Le Sac Jackie Gucci, L’Occasion De L’Allure

Et l’arrivée d’un Tom Ford à la tête de la création Gucci en 1998 ne change rien à l’aura de l’icône — le texan le revampe, les ventes explosent! Des matières et couleurs explosives embrasent fougueusement les clés de la grammaire Gucci.

En 2009, c’est au tour de Frida Giannini de le réinventer. Elle l’agrandit, y ajoute des pompoms et, jouant avec la matière fétiche de Guccio, aka le bambou, scelle sa fermeture d’un fermoir bambou. Terriblement chic!

Le tourbillon Alessandro Michele ne fait qu’ajouter à l’attrait du Jackie. Jouant avec un charme fou de la grammaire Gucci, le génie Michele y ajoute des têtes de tigres, des papillons, joue de la paille et d’ornements miroirs…

Jusqu’à confondre le Jackie avec les traits propres au sac Dionysus. Oui, c’est dans ces fulgurances d’extrême créativité que l’on reconnait les vraies icônes de la mode — celles capables d’épouser leur époque avec chic et détachement. Très Jackie finalement.

Le Sac Le Plus Désiré Au Monde, Le Kelly Hermès

Le Kelly Hermès, c’est ce sac simple et impeccable, devenu iconique au bras de la Princesse Grace Kelly.
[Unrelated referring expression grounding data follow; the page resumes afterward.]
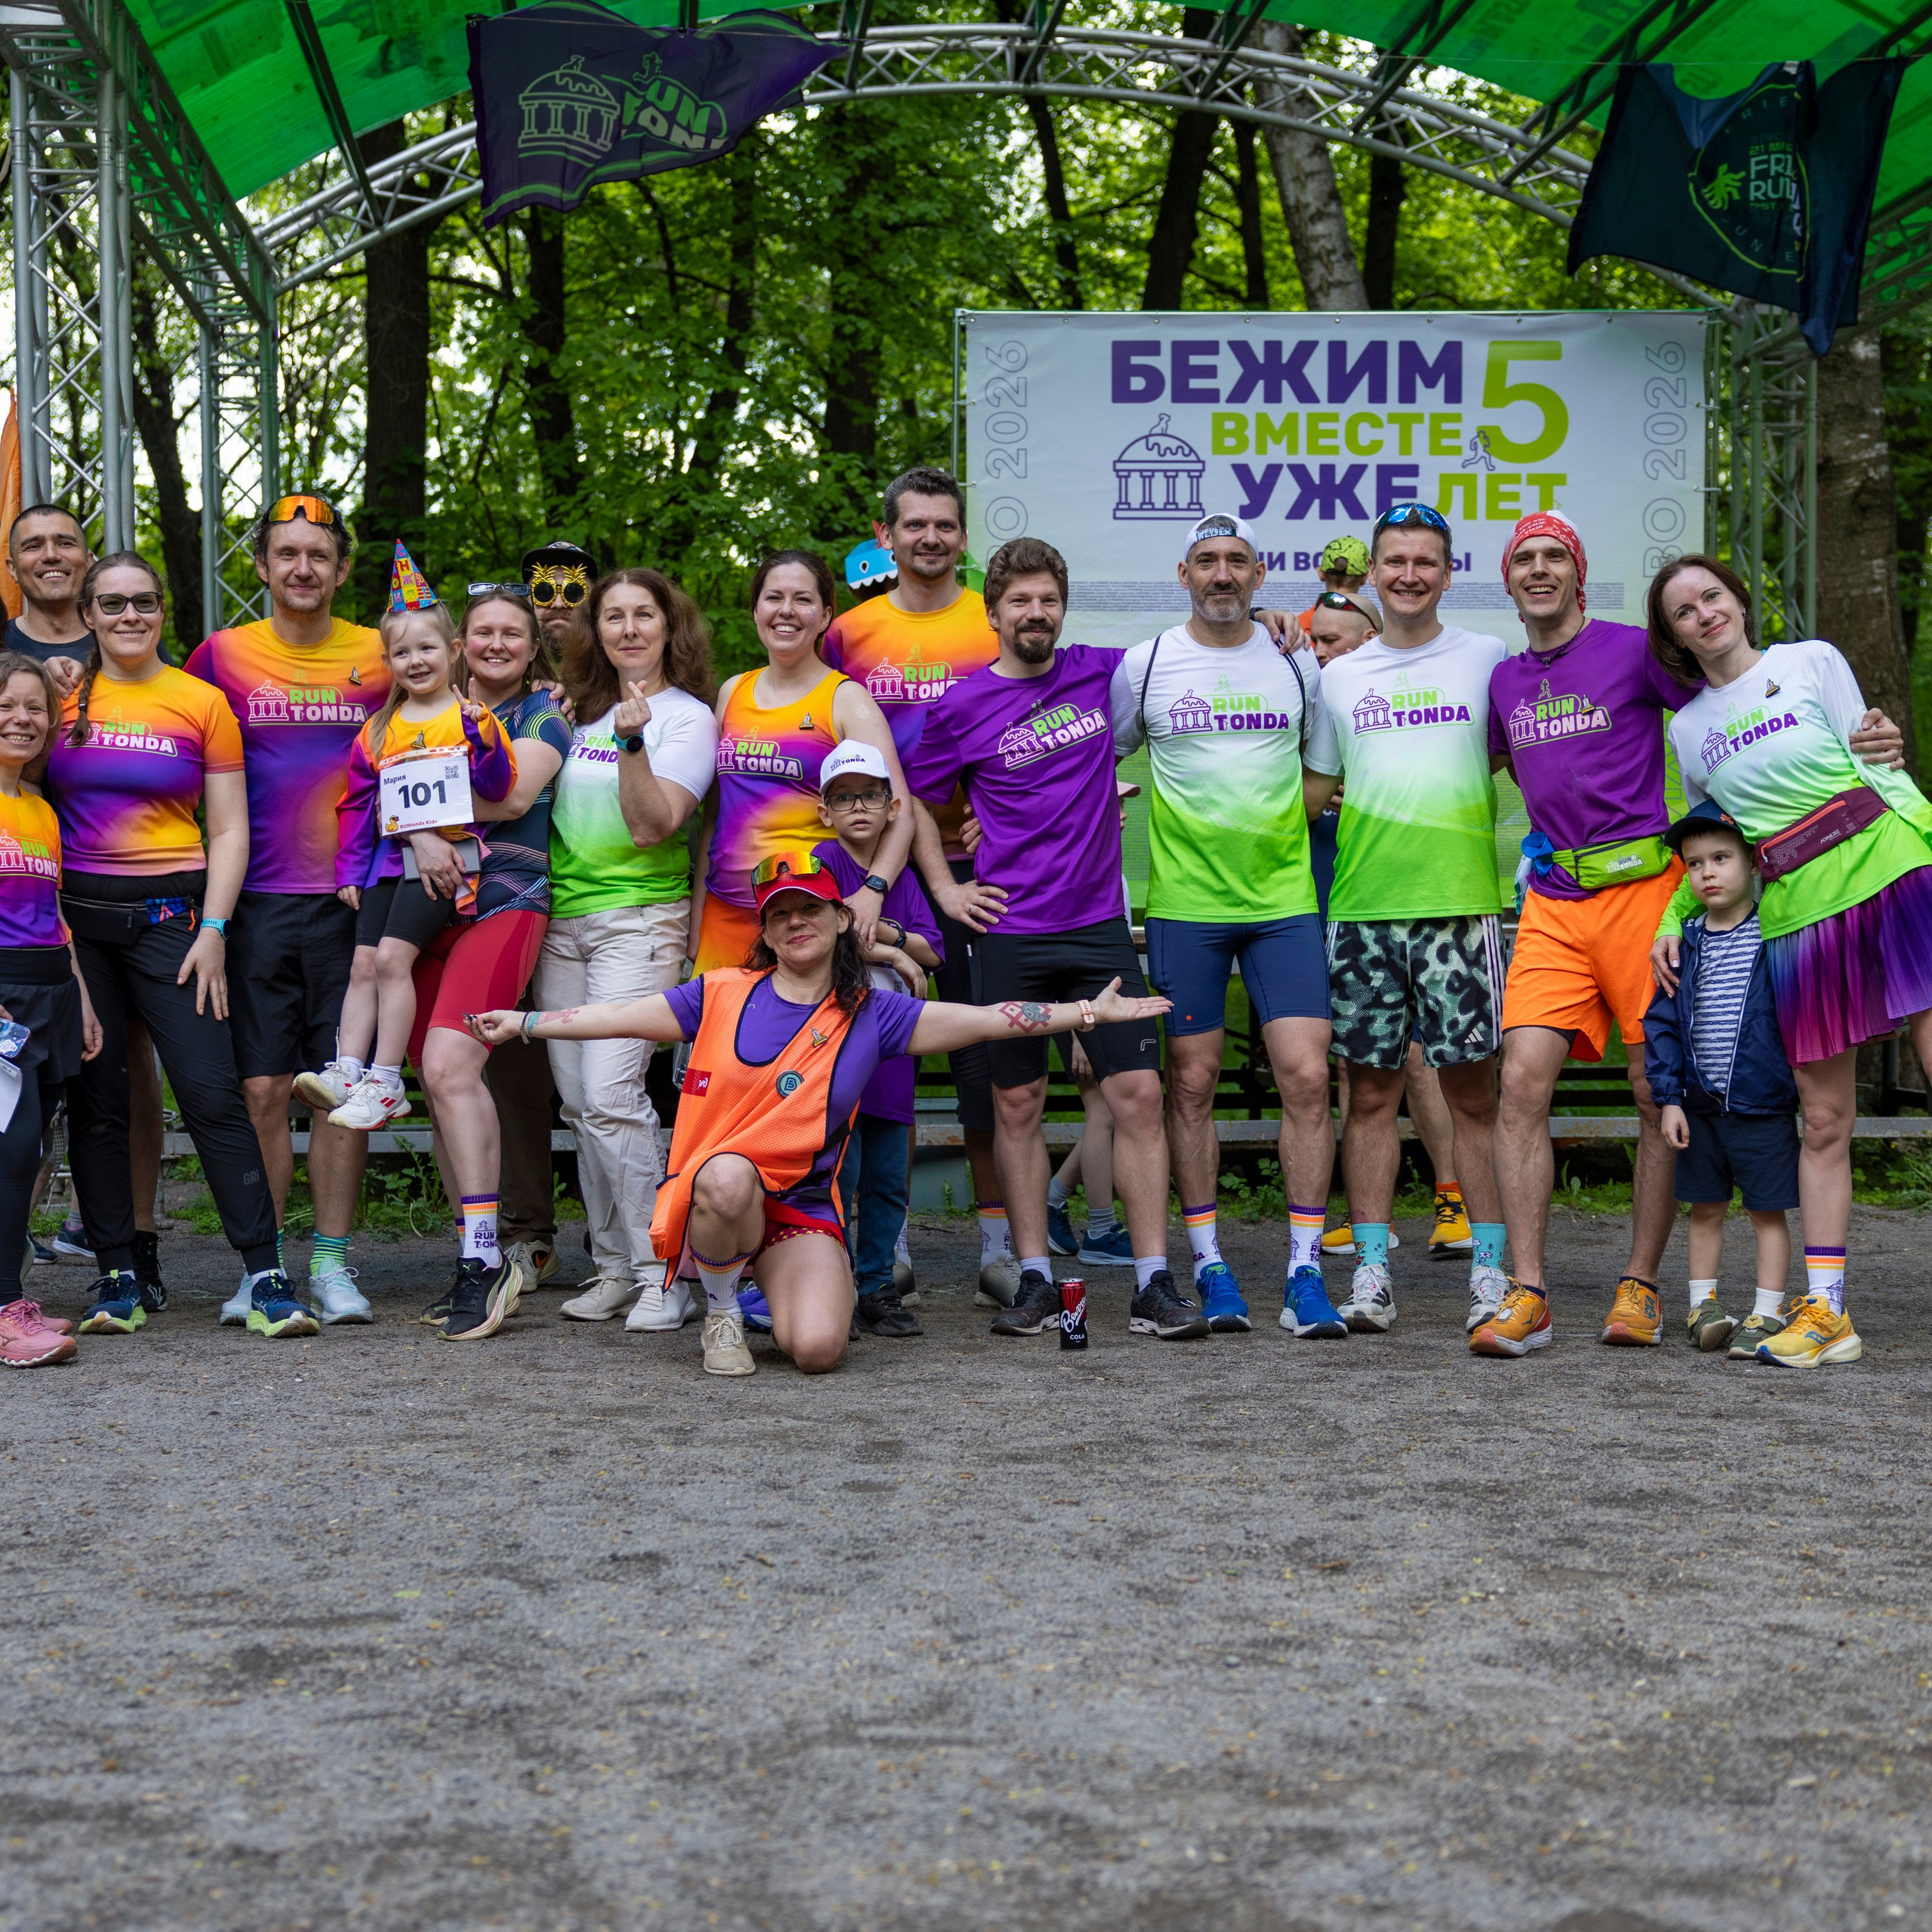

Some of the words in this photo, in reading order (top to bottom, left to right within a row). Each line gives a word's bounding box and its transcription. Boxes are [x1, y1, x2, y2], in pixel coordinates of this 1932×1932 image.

[1111, 340, 1463, 404] БЕЖИМ
[984, 340, 1029, 479] 2026
[1482, 340, 1570, 464] 5
[1644, 341, 1687, 481] 2026
[1212, 412, 1463, 456] ВМЕСТЕ
[1230, 463, 1420, 520] УЖЕ
[1434, 473, 1567, 521] ЛЕТ
[904, 664, 946, 682] RUN
[289, 689, 337, 704] RUN
[904, 680, 958, 700] TON
[1392, 690, 1438, 710] RUN
[290, 705, 366, 722] TONDA
[1212, 696, 1261, 713] RUN
[1536, 697, 1575, 721] RUN
[1032, 706, 1077, 737] RUN
[1214, 712, 1289, 731] TONDA
[1392, 705, 1471, 728] TONDA
[1536, 709, 1607, 739] TONDA
[1725, 708, 1764, 740] RUN
[103, 721, 146, 736] RUN
[1041, 711, 1106, 750] TONDA
[1729, 712, 1799, 752] TONDA
[101, 734, 174, 754] TONDA
[584, 735, 616, 749] RUN
[735, 741, 775, 757] RUN
[577, 746, 619, 763] TOND
[734, 755, 799, 777] TONDA
[383, 774, 407, 786] Мария
[398, 780, 447, 809] 101
[21, 840, 51, 859] RUN
[24, 856, 58, 878] TOND
[1618, 857, 1632, 866] RUN
[1619, 858, 1644, 870] TONDA
[474, 1231, 495, 1240] RUN
[474, 1240, 498, 1249] TON
L’Histoire Du Kelly Hermès

1892. Robert Dumas-Hermès imagine, à partir d’une sacoche de cavalier, le sac Haut à Courroies, ancêtre le plus célèbre des sacs à main pour dames. Réalisé à des fins purement pratiques, l’homme le destine à une utilisation fonctionnelle.
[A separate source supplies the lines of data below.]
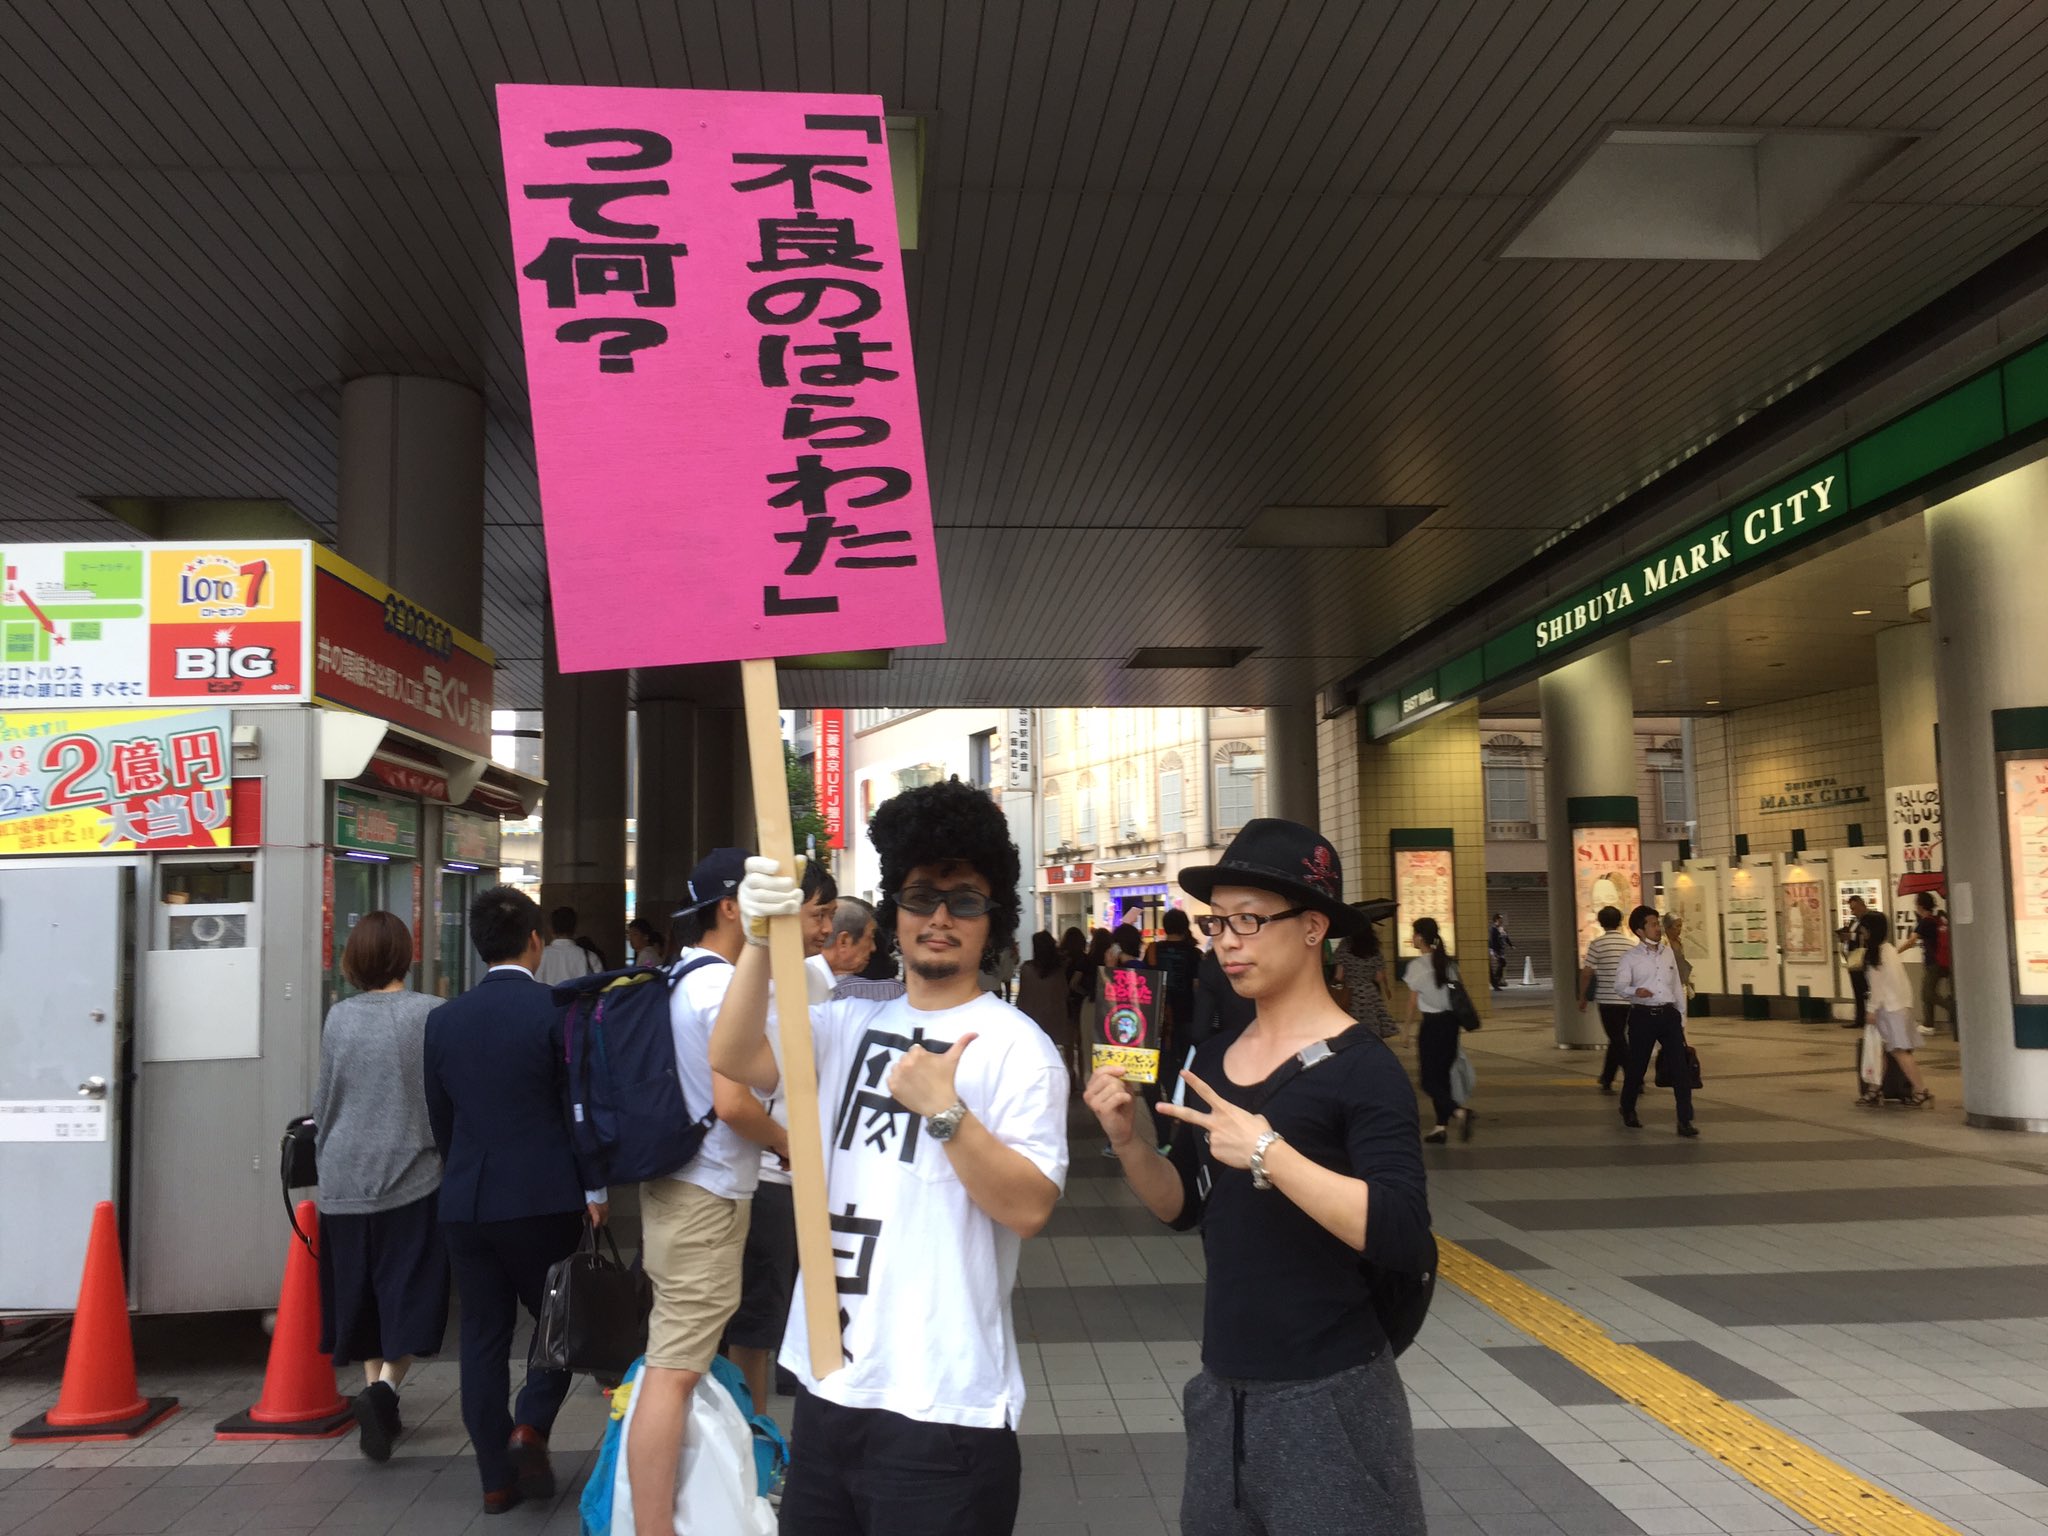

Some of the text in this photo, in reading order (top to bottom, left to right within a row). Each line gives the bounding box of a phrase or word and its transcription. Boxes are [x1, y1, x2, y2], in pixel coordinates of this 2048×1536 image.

[523, 128, 688, 374] って何？
[731, 114, 917, 616] 「不良のはらわた」
[181, 559, 269, 608] LOTO 7
[1536, 475, 1836, 649] SHIBUYA MARK CITY
[91, 681, 143, 697] すぐそこ
[173, 645, 277, 680] BIG
[39, 727, 224, 811] 2億円
[1819, 785, 1867, 802] CITY
[98, 787, 230, 848] 大当り
[1576, 843, 1638, 862] SALE
Son but: transporter les bottes et la selle des cavaliers. Prévu à cet effet donc, le sac possède une esthétique simple, épurée et architecturée. Une forme trapézoïdale ne comportant qu’une fermeture à deux courroies, et un petit fermoir-cadenas.

1935, la maison Hermès décide d’en faire une version absolument féminine, et résolument plus urbaine. L’idée est là encore de s’adapter aux besoins de l’époque. Pour les dames donc, Hermès imagine un sac de voyage. Pour cela, le premier sac  à courroies prend une dimension plus petite.

Pour le confectionner, un seul et unique ouvrier façonne chacun sac, tout au long des étapes de sa réalisation.

1956: le sac devient célèbre. Comment? Aux côtés de son époux le Prince Rainier III de Monaco, Grace Kelly, princesse de Monaco, est photographiée lors d’une descente d’avion devenue mythique.

La photo finit en couverture du magazine Life. On y voit la princesse plaquer sur son ventre à peine arrondi ce sac à dépêches… Elle y dissimule en fait un début de grossesse. Pas encore officielle. Un ventre arrondi de Princesse future maman occulté derrière un sac… Il n’en faut pas plus pour créer l’évènement.

Et Hermès, marque familiale discrète et majestueuse, semble en certifier le raffinement.

Le Premier It-Bag De l’Histoire?

En 1977, le sellier rebaptise le sac de voyage du nom de la princesse. Les frères Dumas-Hermès le nomment le « Kelly ».

S’il était rigide à ses débuts, il adopte bien vite un aspect plus casual avec l’arrivée d’un cuir très souple – le veau Gulliver. Cousu à l’envers et retourné comme un gant, c’est une nouvelle allure, plus moderne et décontractée, qui accompagne dès lors les femmes.

Un Kelly Hermès, c’est une mode classique, noble et généreuse, à l’image de la princesse.

Aujourd’hui, le sac se taille dans les matières les plus luxueuses… En autruche ou en crocodile, le cuir n’en reste pas moins la matière de prédilection.

Maintes couleurs et une vingtaine de matières… Huit tailles, lesquelles varient de 15 à 50 cm de largeur. Évoluant en même temps que des générations de femmes, il les accompagne à toute heure et dans toute les situations.

Version sport ou version ville, son habillage du soir, avec cadenas à bijoux en or et diamants… Il est l’emblème d’un luxe à la Française. Versatile et absolument parfait.

En 2004, pour son premier défilé réalisé pour la maison du 24 Rue du Faubourg Saint-Honoré, Jean Paul Gaultier le revisite pour la première fois. C’est que le sellier s’attache à faire des objets qui traversent le temps en fonction des besoins, et non des objets de musée.

Le résultat de cette première conversion par Jean Paul Gaultier? Le Shoulder Kelly, tout en longueur, à porter sous le bras. Une icône de la mode qui, en version classique ou plus contemporaine, constitue assurément le sac ultime.

Posséder un Kelly, c’est posséder un mythe. C’est tenir la beauté fraîche et l’élégance distinguée par la main. C’est posséder un bout de la grâce de la Princesse qui lui donna son nom.